Recuerdos de mi muerte - Apunte 22 - Frente al arroyo



En mi mundo irreal, y gracias a los excelentes oficios de profesionales y demás integrantes del equipo de la maravillosa clínica en la que me trataban, mi cuerpo y mi alma iban sanando. Estaba yo convencido de que no tenía ninguna enfermedad determinada sino que nos habían traído a ese lugar a Olga y a mí para ponernos en las mejores condiciones y así cumplir nuestra misión adecuadamente. Por supuesto, y aunque yo no tenía conciencia de ello, en la realidad seguramente el progreso era igualmente notorio una vez que salí del coma inducido pero eso se debía a la calidad técnica y humana del personal del hospital de Esquel. Y en esa realidad yo había sufrido serios problemas pre y post operatorios, según me informaron luego.
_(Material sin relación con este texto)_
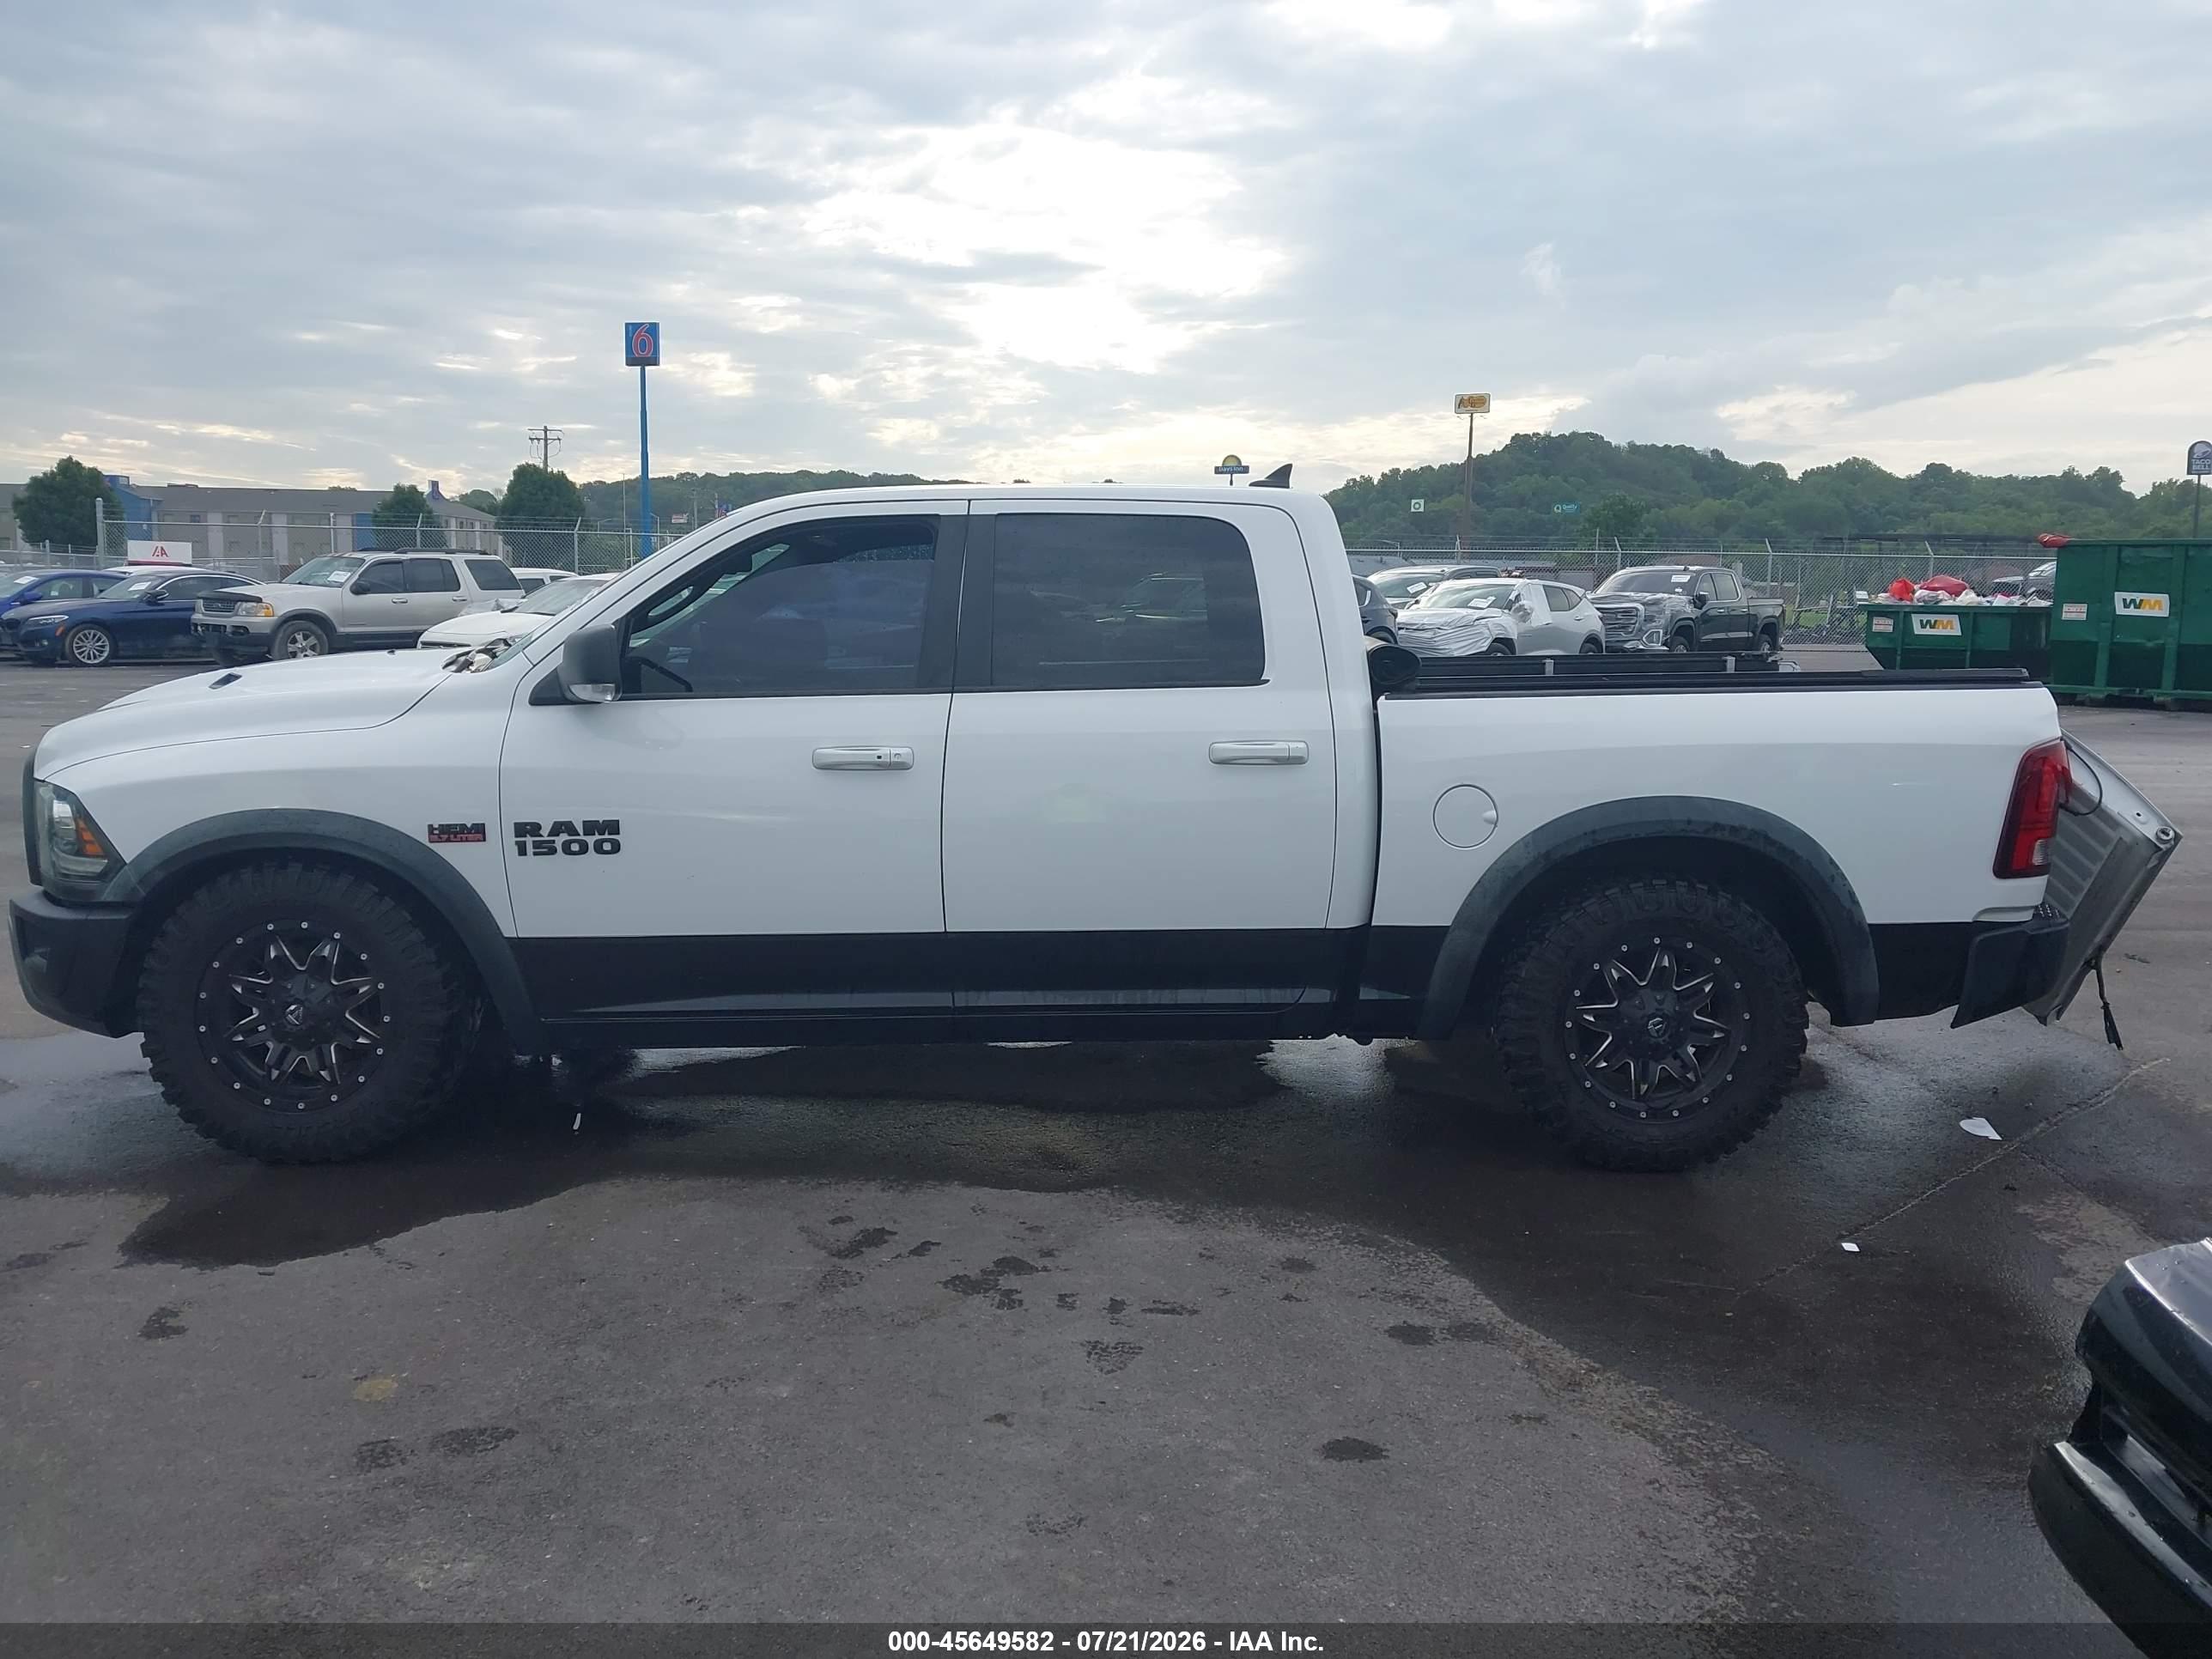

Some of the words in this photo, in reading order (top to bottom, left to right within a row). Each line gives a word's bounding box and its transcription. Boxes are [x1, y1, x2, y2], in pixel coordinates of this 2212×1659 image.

De pronto me encontré en un lugar diferente. Era una construcción parecida a una casa de fin de semana, con un gran ventanal que daba hacia una especie de playa. Estaba sobre uno de los márgenes del arroyo Esquel, según me dijeron, una corriente de agua que tiene en verdad solamente unos metros de ancho pero que donde yo estaba provenía de una especie de lago que hacia el norte se iba haciendo más vasto, y sobre la prolongación de la avenida Alvear ya no permitía ver la otra orilla.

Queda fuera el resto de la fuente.